▶ **Exercise instructions**: The result should be a full, exact repeat of the entries, free of pictures.

**** Given information ****

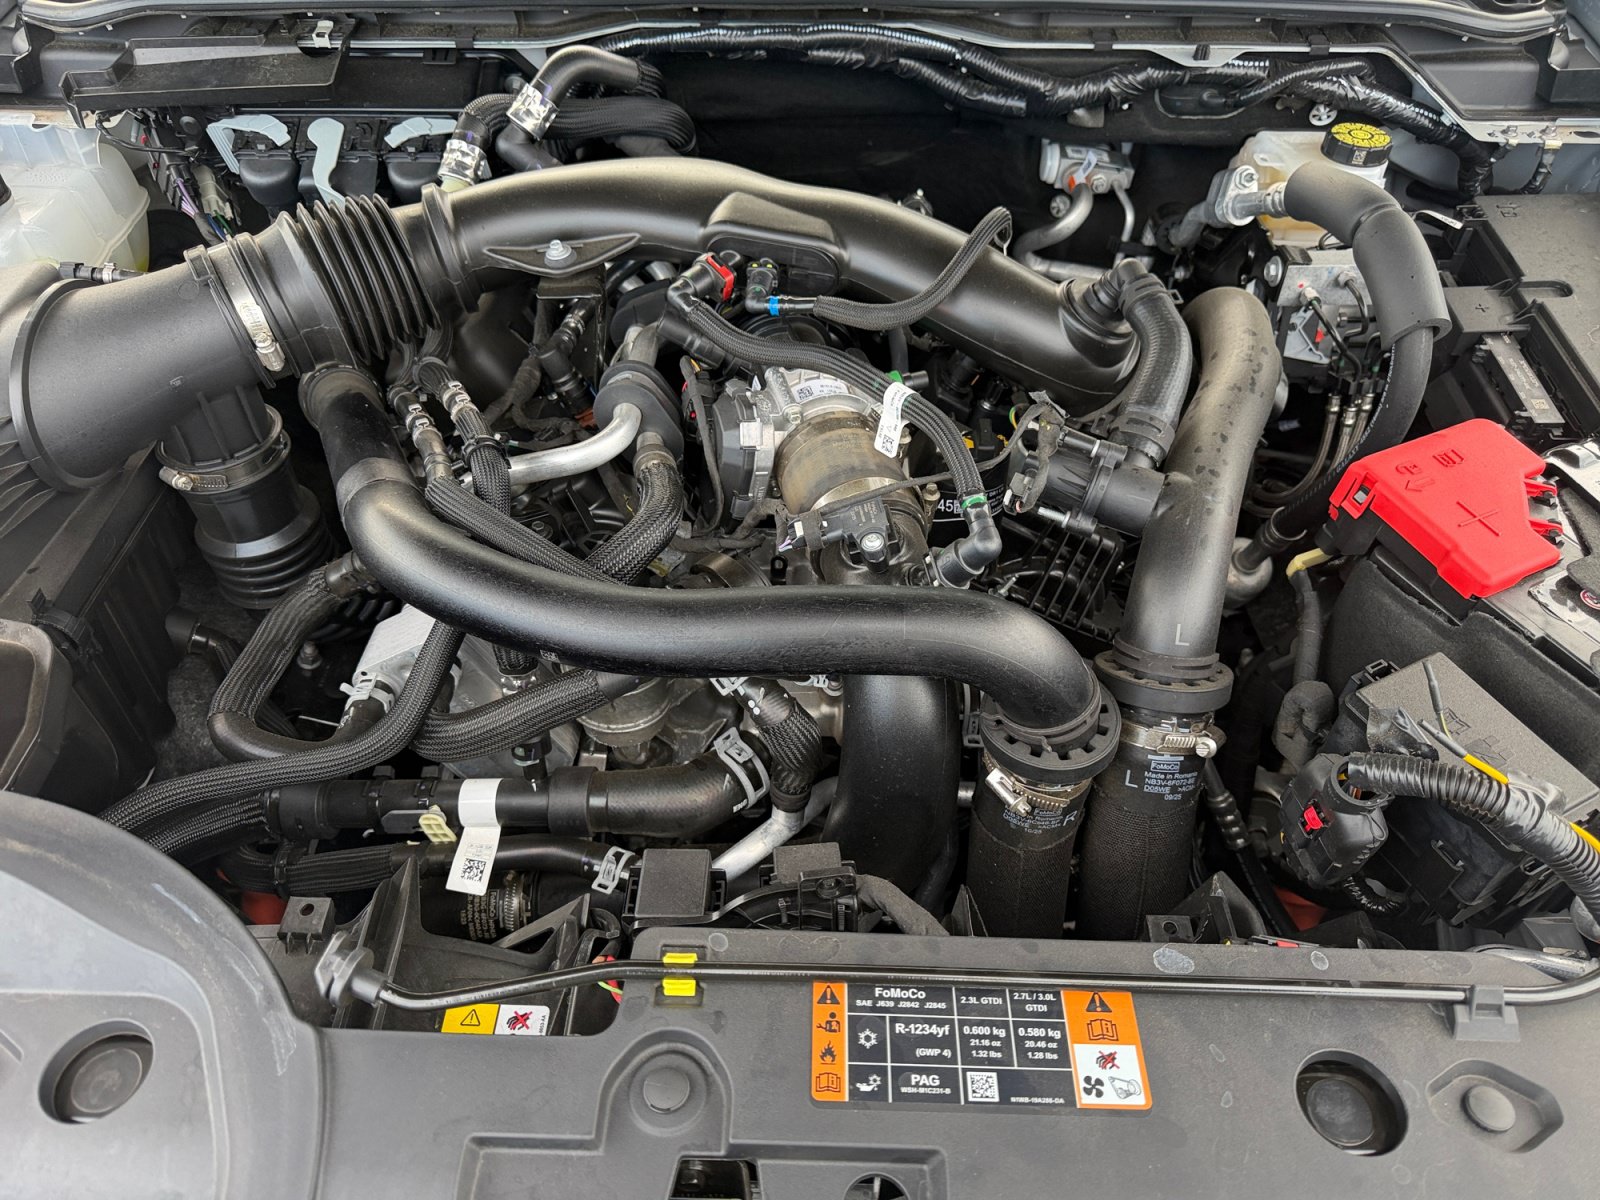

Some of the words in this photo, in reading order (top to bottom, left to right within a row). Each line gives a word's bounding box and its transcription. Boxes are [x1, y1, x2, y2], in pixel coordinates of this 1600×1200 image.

[1175, 623, 1190, 646] L
[1152, 763, 1179, 771] FoMoCo
[1125, 769, 1139, 788] L
[1144, 771, 1165, 779] Made
[1164, 793, 1183, 801] 09/25
[1063, 810, 1078, 827] R
[489, 891, 497, 918] FoMoCo
[875, 987, 926, 999] FoMoCo
[1013, 992, 1032, 1000] 2.7L
[1038, 993, 1056, 1001] 3.0L
[856, 999, 873, 1007] SAE
[960, 996, 979, 1004] 2.3L
[981, 997, 1003, 1005] GTDI
[1025, 1004, 1048, 1012] GTDI
[895, 1023, 951, 1037] R-1234yf
[963, 1026, 991, 1035] 0.600
[992, 1027, 1006, 1038] kg
[1018, 1027, 1046, 1037] 0.580
[1048, 1028, 1062, 1039] kg
[970, 1038, 990, 1046] 21.16
[1024, 1040, 1046, 1048] 20.46
[915, 1047, 940, 1058] (GWP
[942, 1048, 952, 1059] 4)
[971, 1050, 988, 1058] 1.32
[989, 1050, 1003, 1058] lbs
[1027, 1051, 1044, 1059] 1.28
[1045, 1052, 1059, 1060] lbs
[911, 1074, 940, 1086] PAG
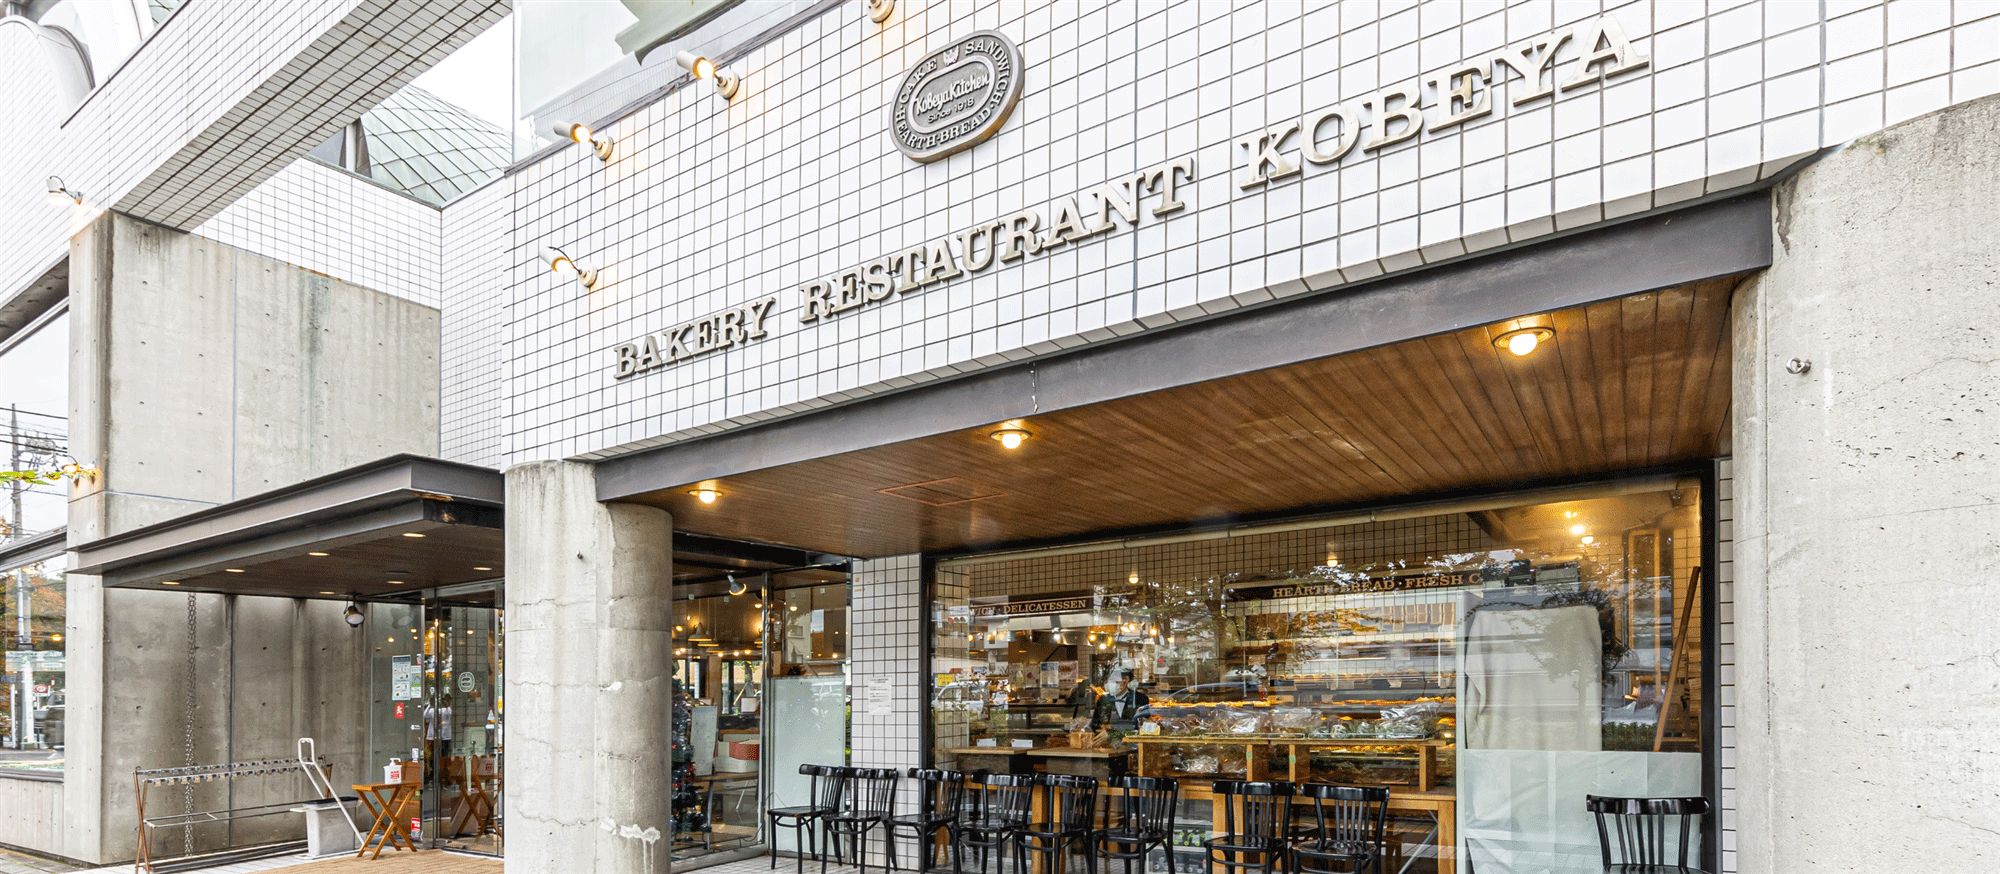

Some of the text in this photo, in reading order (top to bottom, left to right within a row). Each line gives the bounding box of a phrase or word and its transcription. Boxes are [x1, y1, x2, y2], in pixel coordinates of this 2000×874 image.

[900, 39, 1010, 107] CAKE SANDWICH
[954, 97, 974, 111] 1918
[896, 107, 992, 150] HEARTH BREAD
[613, 13, 1650, 380] BAKERY RESTAURANT KOBEYA
[1272, 583, 1336, 598] HEARTH
[1405, 574, 1463, 588] FRESH
[1003, 599, 1087, 615] DELICATESSEN
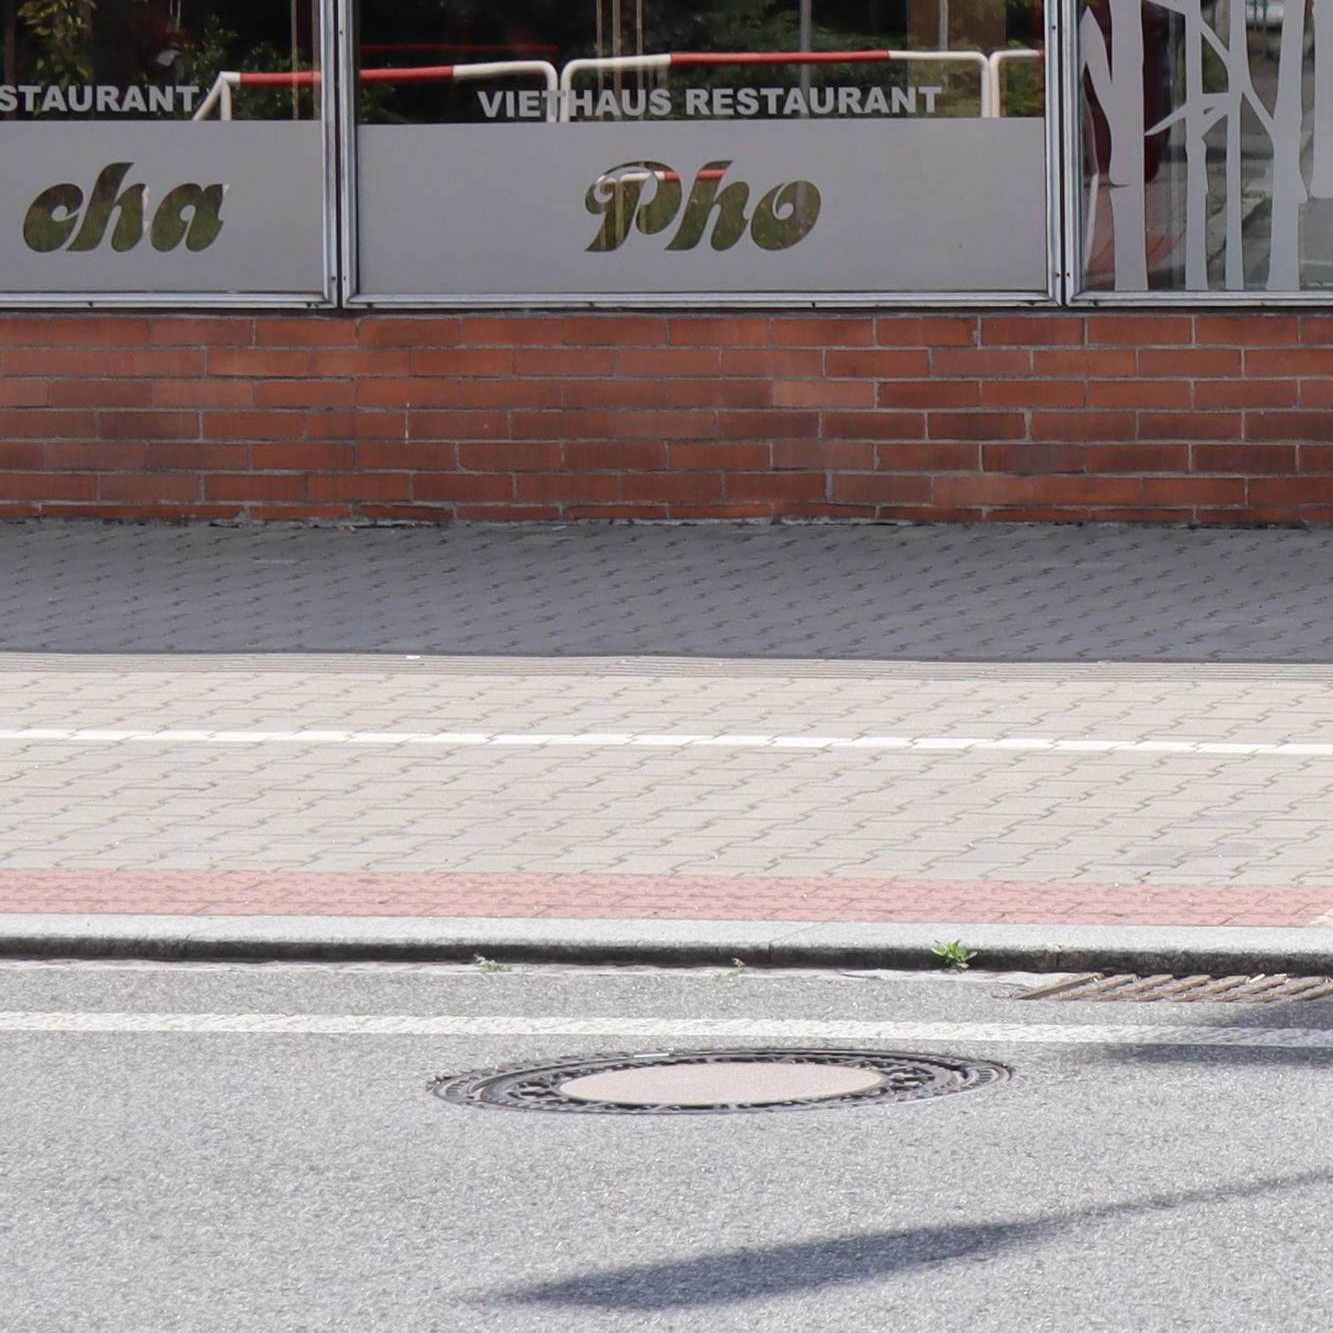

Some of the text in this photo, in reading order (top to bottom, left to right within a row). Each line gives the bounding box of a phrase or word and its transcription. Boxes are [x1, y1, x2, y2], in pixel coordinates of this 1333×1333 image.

[477, 86, 942, 118] VIETHAUS RESTAURANT
[23, 162, 230, 253] cha
[584, 160, 822, 252] Pho
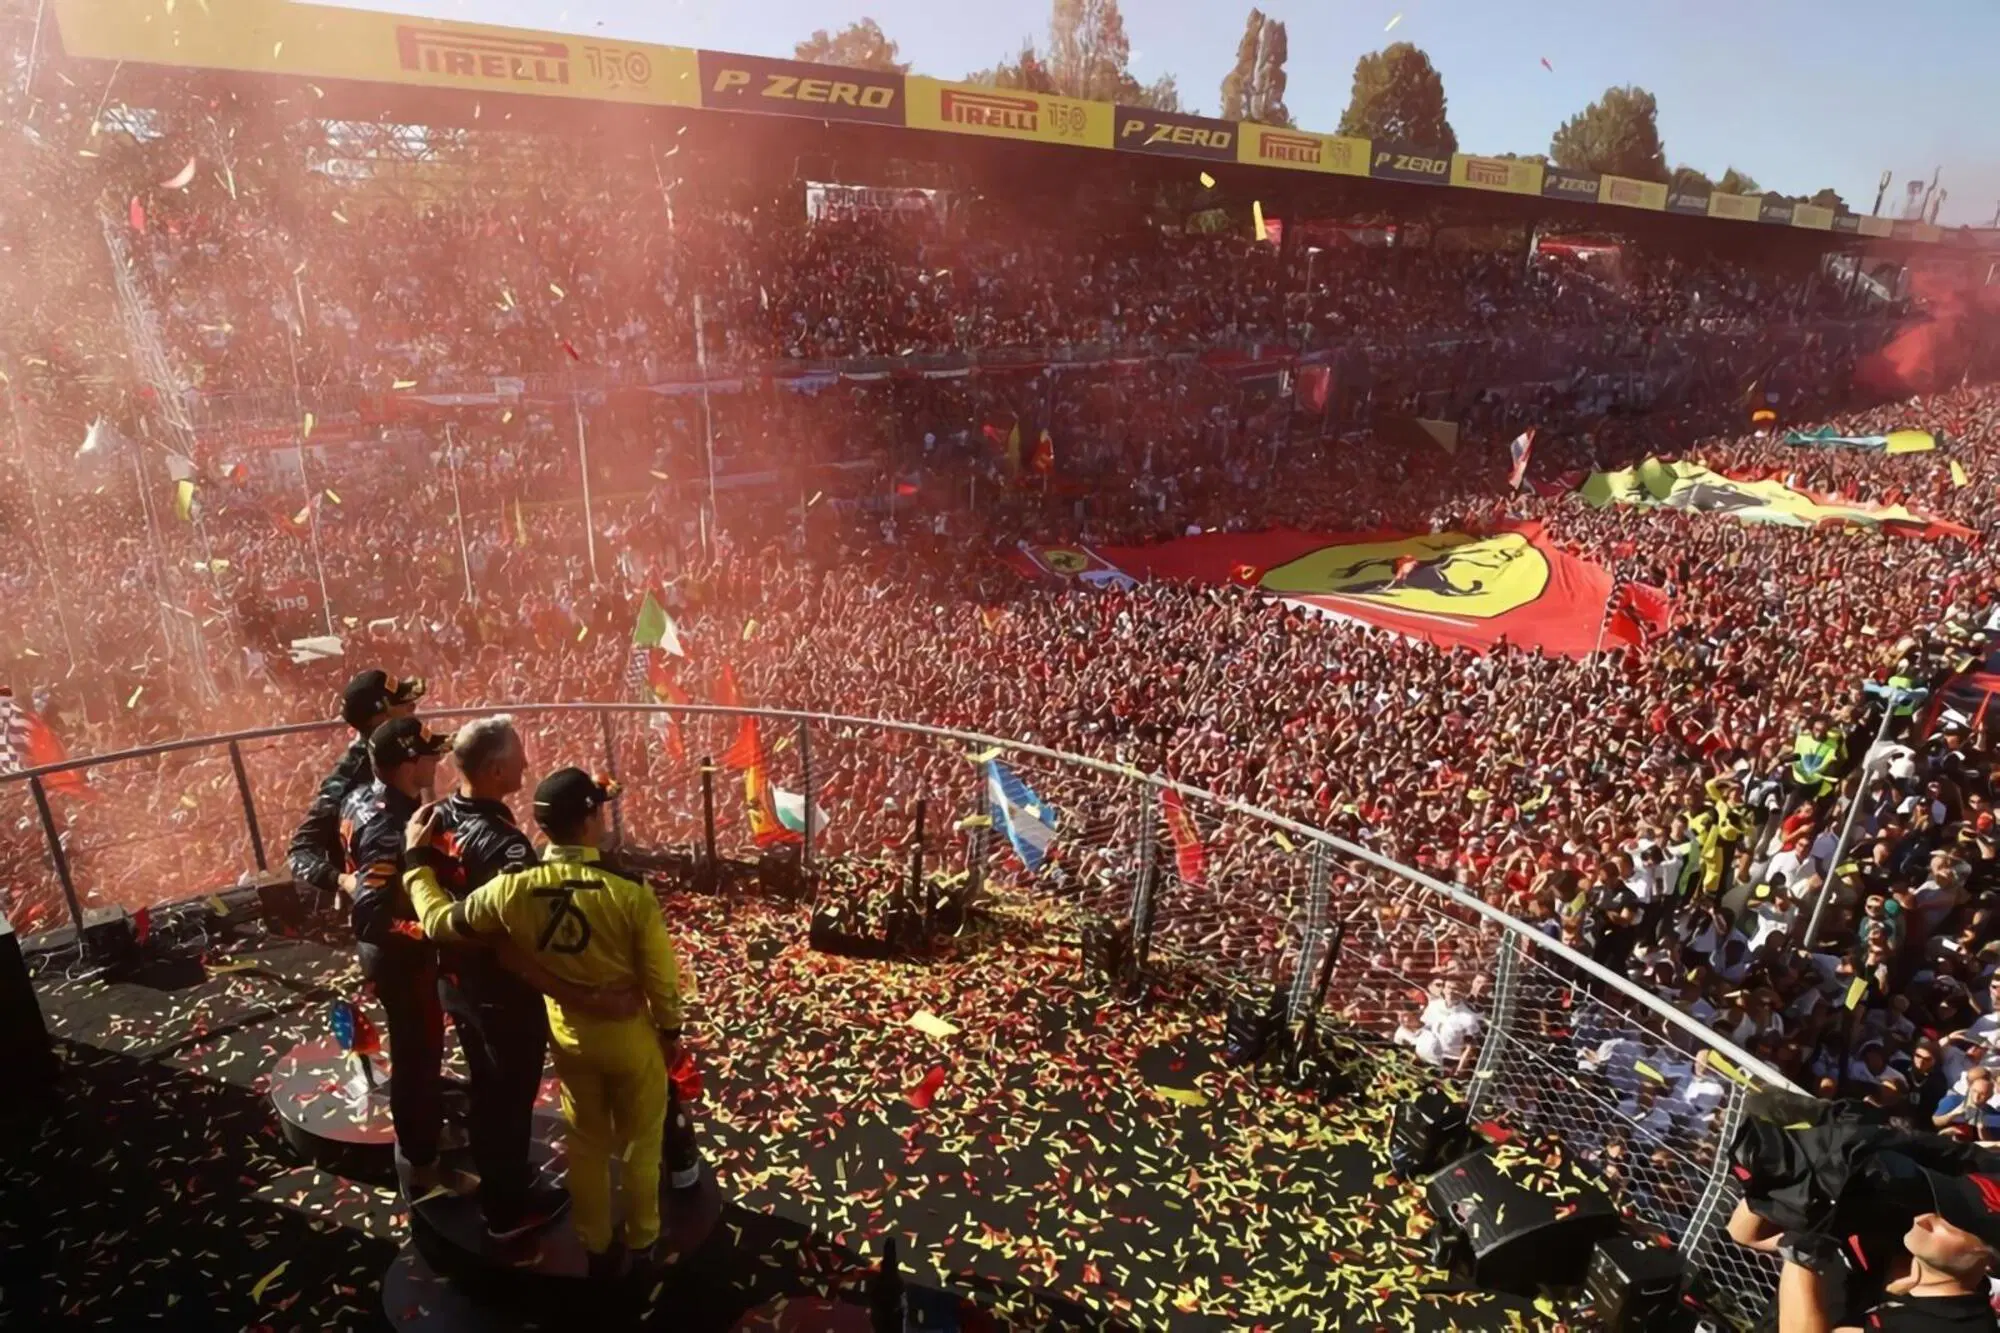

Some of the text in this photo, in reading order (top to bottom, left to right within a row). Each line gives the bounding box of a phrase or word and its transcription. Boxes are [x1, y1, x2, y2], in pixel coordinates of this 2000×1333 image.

****

▶ **The answer**:
Some of the words in this photo, in reading order (top to bottom, left to right within a row). Each line gives a word's bounding box and its transcription. Boxes are [x1, y1, x2, y2], in pixel coordinates of this 1600×1200 image.

[1175, 623, 1190, 646] L
[1152, 763, 1179, 771] FoMoCo
[1125, 769, 1139, 788] L
[1144, 771, 1165, 779] Made
[1164, 793, 1183, 801] 09/25
[1063, 810, 1078, 827] R
[489, 891, 497, 918] FoMoCo
[875, 987, 926, 999] FoMoCo
[1013, 992, 1032, 1000] 2.7L
[1038, 993, 1056, 1001] 3.0L
[856, 999, 873, 1007] SAE
[960, 996, 979, 1004] 2.3L
[981, 997, 1003, 1005] GTDI
[1025, 1004, 1048, 1012] GTDI
[895, 1023, 951, 1037] R-1234yf
[963, 1026, 991, 1035] 0.600
[992, 1027, 1006, 1038] kg
[1018, 1027, 1046, 1037] 0.580
[1048, 1028, 1062, 1039] kg
[970, 1038, 990, 1046] 21.16
[1024, 1040, 1046, 1048] 20.46
[915, 1047, 940, 1058] (GWP
[942, 1048, 952, 1059] 4)
[971, 1050, 988, 1058] 1.32
[989, 1050, 1003, 1058] lbs
[1027, 1051, 1044, 1059] 1.28
[1045, 1052, 1059, 1060] lbs
[911, 1074, 940, 1086] PAG

Some of the text in this photo, in reading order (top to bottom, left to right within a row). Each line gives the bounding box of a phrase or word and its transcription. Boxes are [x1, y1, x2, y2], in pixel coordinates of this 2000×874 image.

[900, 39, 1010, 107] CAKE SANDWICH
[954, 97, 974, 111] 1918
[896, 107, 992, 150] HEARTH BREAD
[613, 13, 1650, 380] BAKERY RESTAURANT KOBEYA
[1272, 583, 1336, 598] HEARTH
[1405, 574, 1463, 588] FRESH
[1003, 599, 1087, 615] DELICATESSEN

Some of the text in this photo, in reading order (top to bottom, left to right within a row). Each line gives the bounding box of a phrase or word and its transcription. Boxes are [x1, y1, x2, y2], in pixel coordinates of this 1333×1333 image.

[477, 86, 942, 118] VIETHAUS RESTAURANT
[23, 162, 230, 253] cha
[584, 160, 822, 252] Pho

Some of the text in this photo, in reading order (top to bottom, left to right within a row). Each line gives the bounding box of a phrase or word and its transcription. Boxes are [x1, y1, x2, y2], in pixel coordinates of this 2000×1333 image.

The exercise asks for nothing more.